● Your goal: Only the closing stretch of the material is wanted: the line containing "this 1576×1576 image." and every line after it, transcribed exactly.

Start of Block

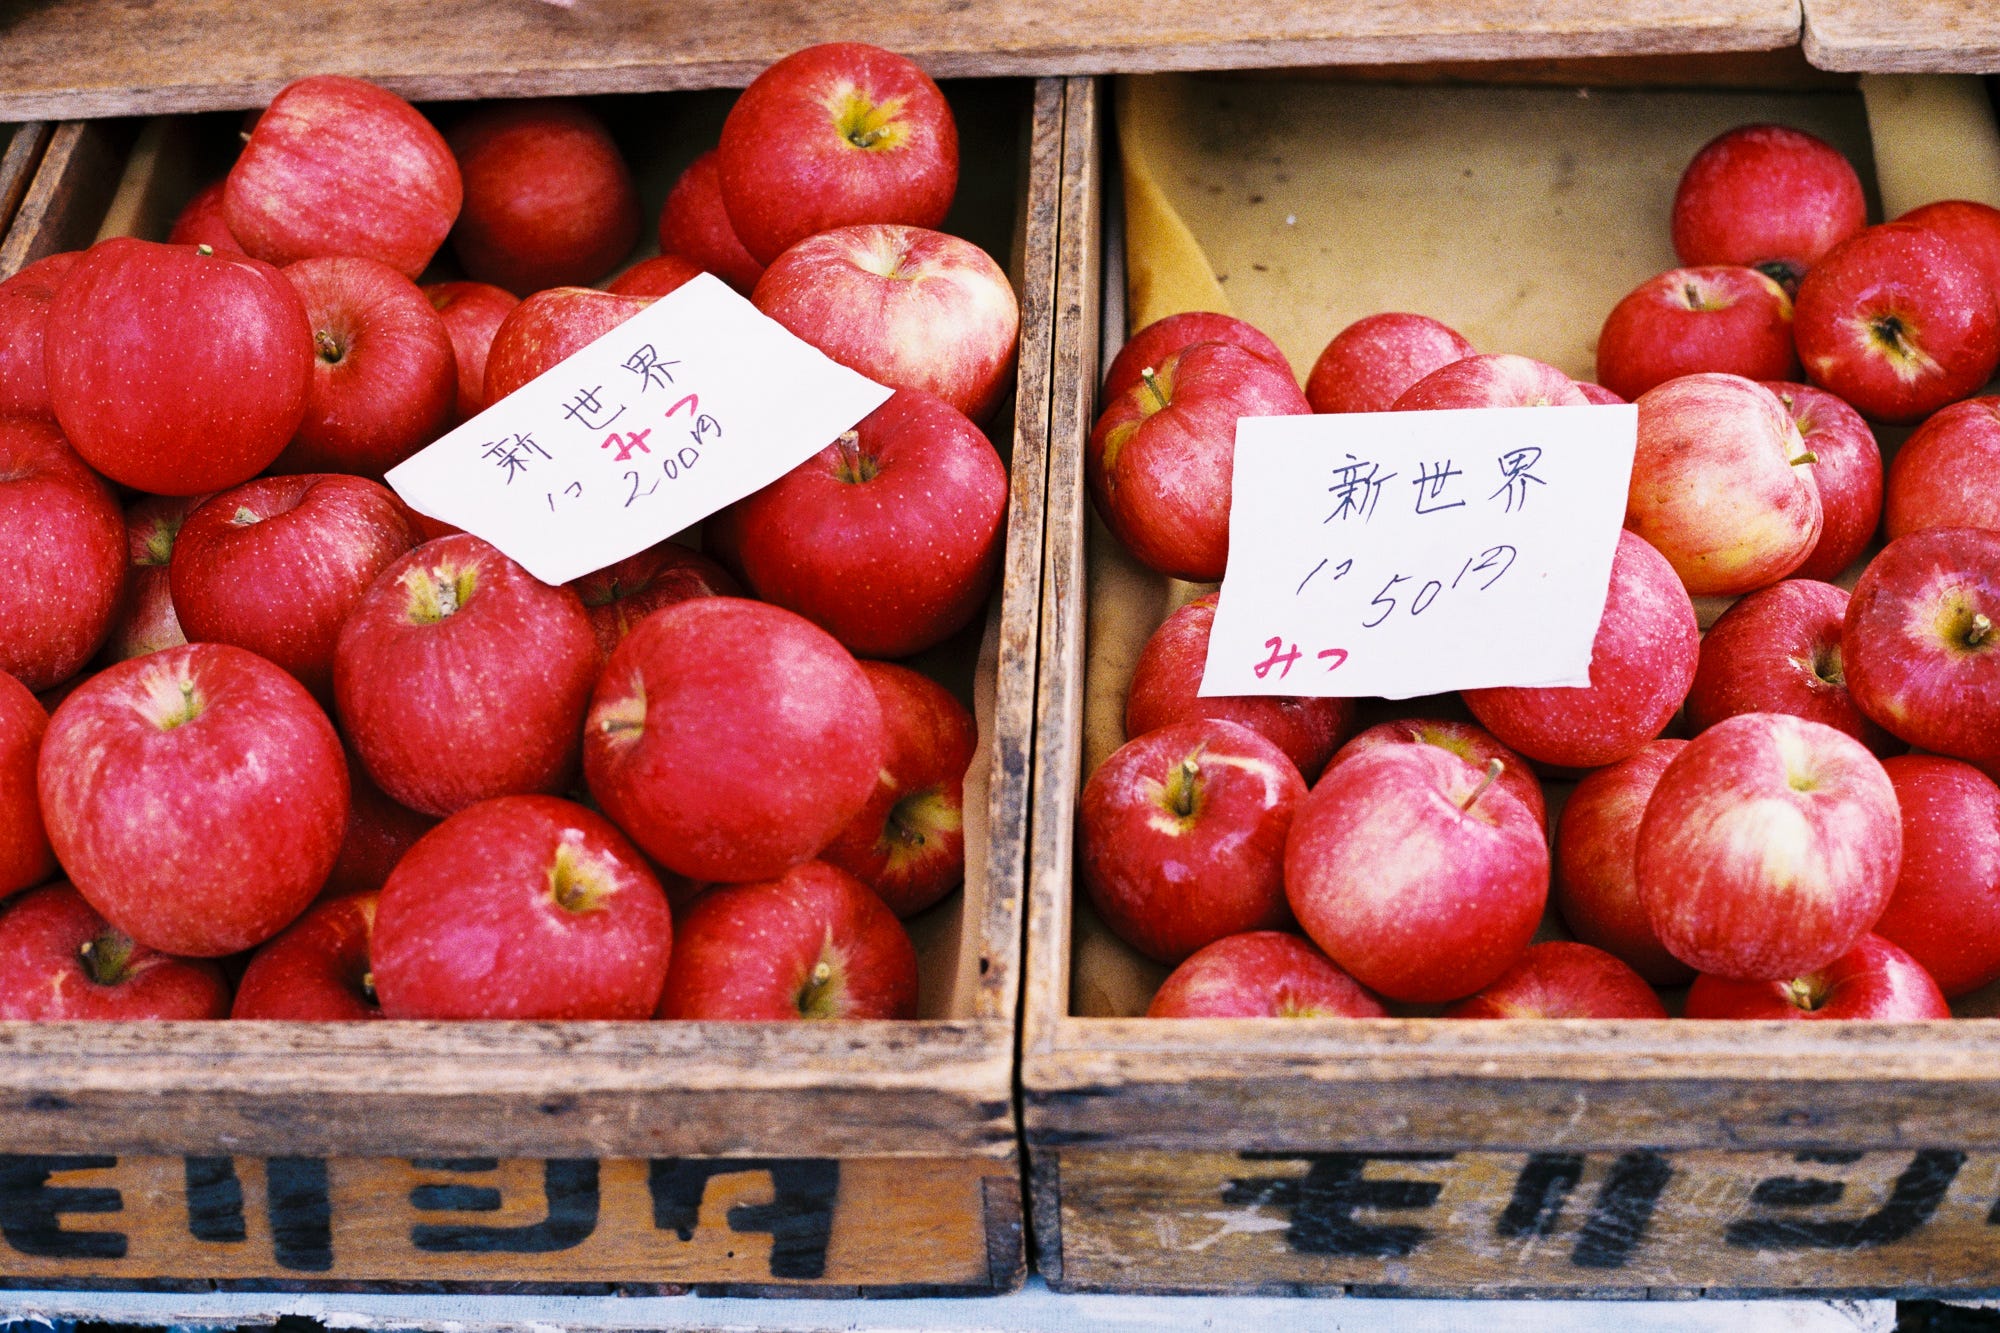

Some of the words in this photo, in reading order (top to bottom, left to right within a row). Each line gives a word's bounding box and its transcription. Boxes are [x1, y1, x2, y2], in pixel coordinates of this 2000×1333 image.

[480, 343, 681, 485] 新世界
[601, 393, 699, 462] みつ
[623, 414, 722, 508] 200円
[1323, 446, 1548, 525] 新世界
[1361, 544, 1518, 629] 50円
[1252, 635, 1349, 680] みつ
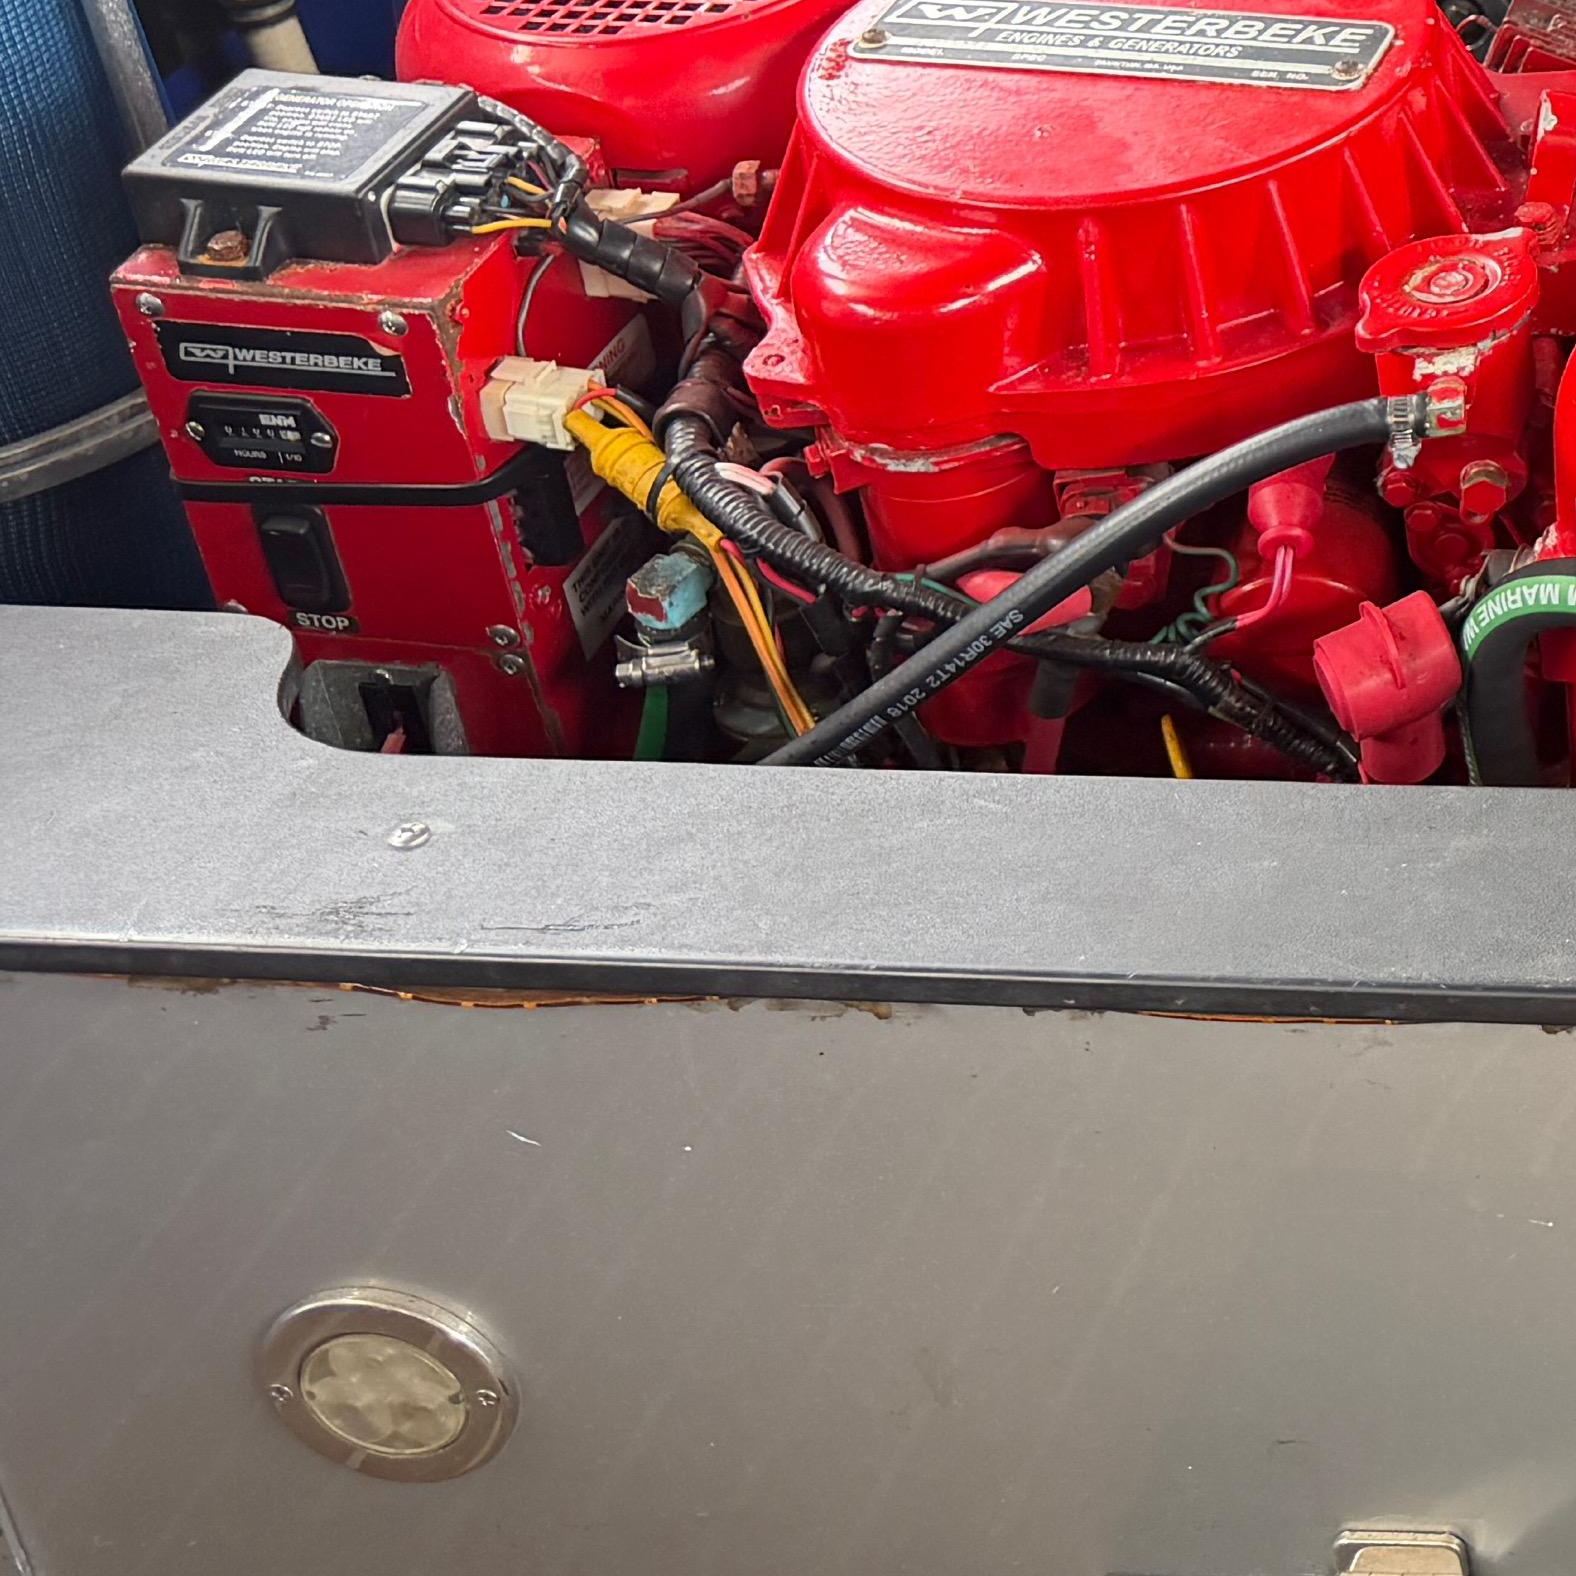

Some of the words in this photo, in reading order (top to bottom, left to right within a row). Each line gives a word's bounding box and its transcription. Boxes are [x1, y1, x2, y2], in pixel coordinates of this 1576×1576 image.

[1013, 5, 1376, 49] WESTERBEKE
[997, 31, 1085, 47] ENGINES
[1088, 36, 1099, 48] &
[1109, 38, 1243, 58] GENERATORS
[234, 348, 382, 372] WESTERBEKE
[1476, 583, 1560, 627] MARINE
[295, 612, 350, 630] STOP
[995, 608, 1024, 639] SAE
[925, 634, 993, 689] 30R14T2
[887, 687, 926, 718] 2018

End of Block

● Result of this exercise:
Some of the words in this photo, in reading order (top to bottom, left to right within a row). Each line gives a word's bounding box and its transcription. Boxes are [x1, y1, x2, y2], in pixel coordinates of this 1576×1576 image.

[1013, 5, 1376, 49] WESTERBEKE
[997, 31, 1085, 47] ENGINES
[1088, 36, 1099, 48] &
[1109, 38, 1243, 58] GENERATORS
[234, 348, 382, 372] WESTERBEKE
[1476, 583, 1560, 627] MARINE
[295, 612, 350, 630] STOP
[995, 608, 1024, 639] SAE
[925, 634, 993, 689] 30R14T2
[887, 687, 926, 718] 2018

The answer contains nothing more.